- _WORK TO COMPLETE_
What is needed is an exact transcription of every entry below, with the pictures left out.

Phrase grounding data
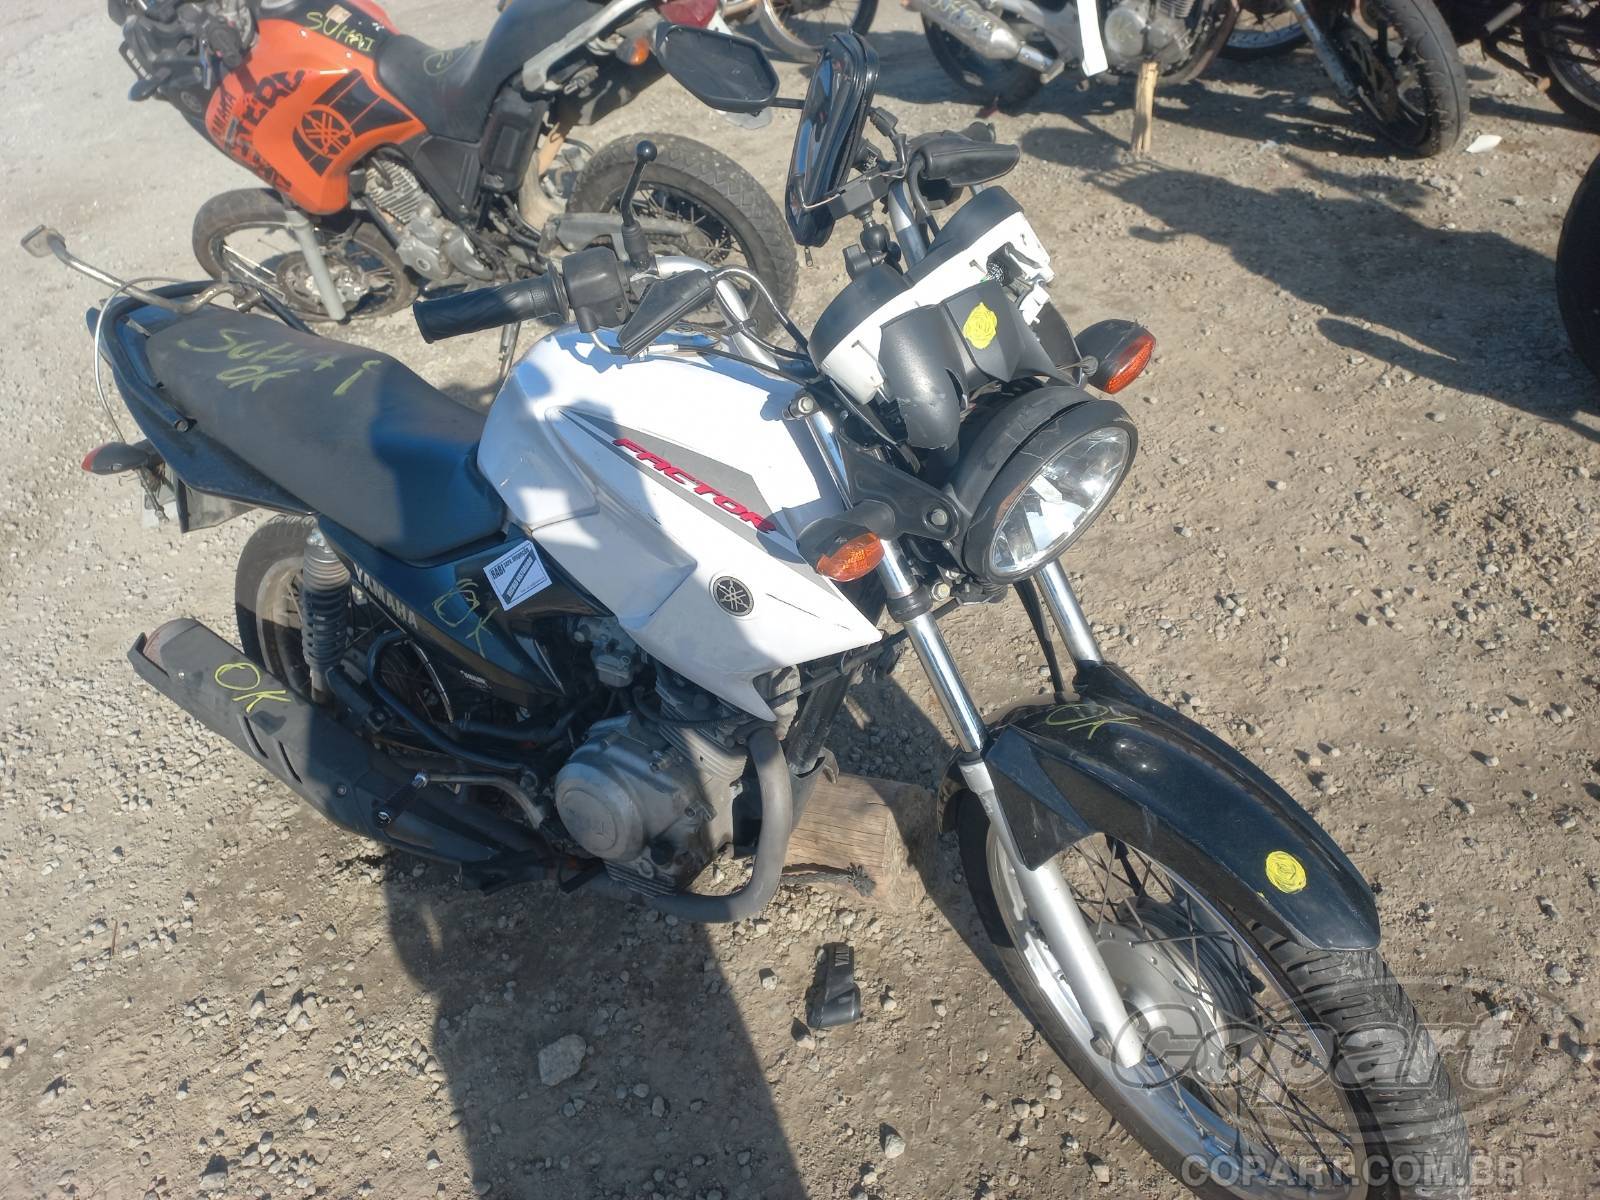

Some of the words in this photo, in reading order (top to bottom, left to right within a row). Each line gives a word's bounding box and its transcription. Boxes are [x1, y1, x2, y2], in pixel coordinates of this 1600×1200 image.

[612, 437, 778, 534] FACTOR
[353, 562, 418, 630] YAMAHA
[214, 662, 292, 713] OK
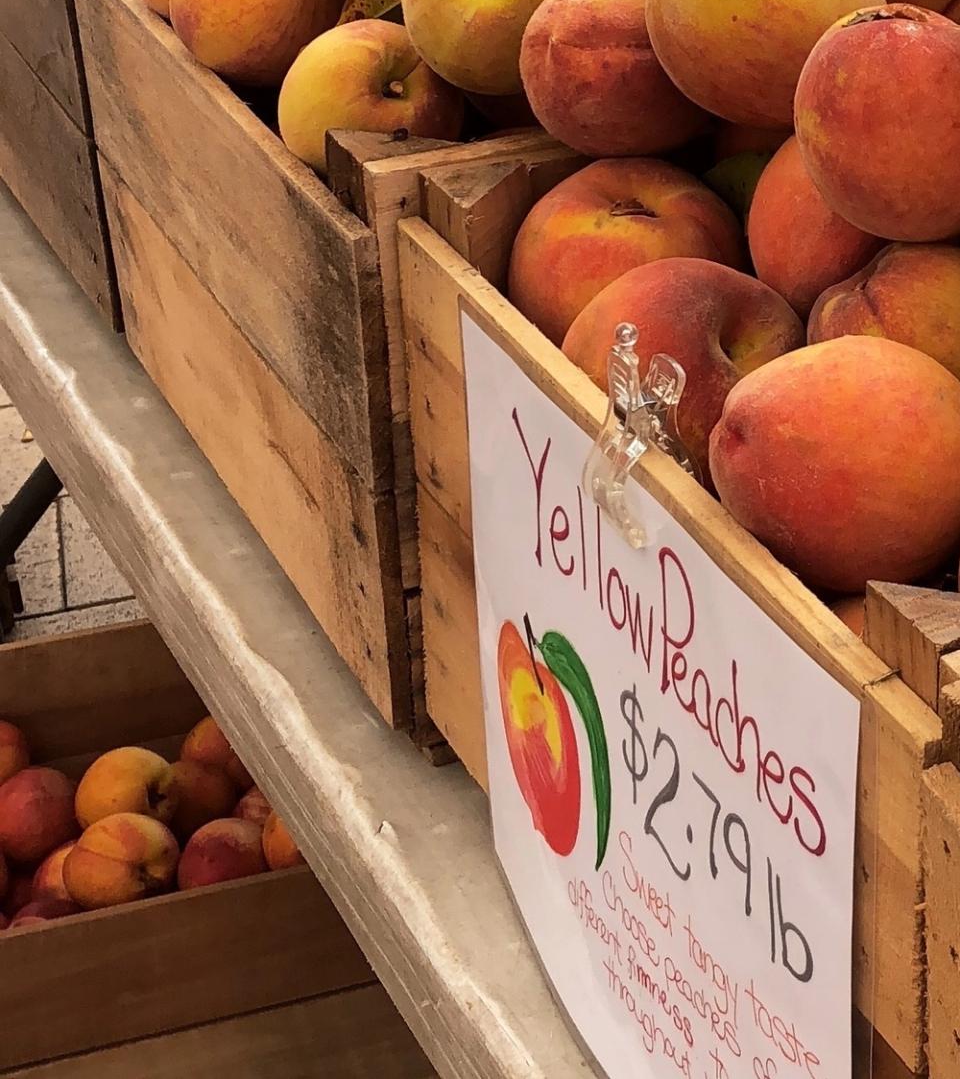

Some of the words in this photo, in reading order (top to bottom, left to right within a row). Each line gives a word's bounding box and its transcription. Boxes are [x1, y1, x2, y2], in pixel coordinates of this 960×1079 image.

- _WRITTEN SOLUTION_
Some of the words in this photo, in reading order (top to bottom, left to right within a row). Each line gives a word's bounding box and its transcription. Boxes are [x1, y1, x2, y2], in pixel coordinates of this 1600×1200 image.

[612, 437, 778, 534] FACTOR
[353, 562, 418, 630] YAMAHA
[214, 662, 292, 713] OK

Some of the words in this photo, in reading order (top to bottom, left to right within a row). Each line gives a word's bounding box and its transcription. Boxes are [x1, y1, x2, y2], in pixel coordinates of this 960×1079 image.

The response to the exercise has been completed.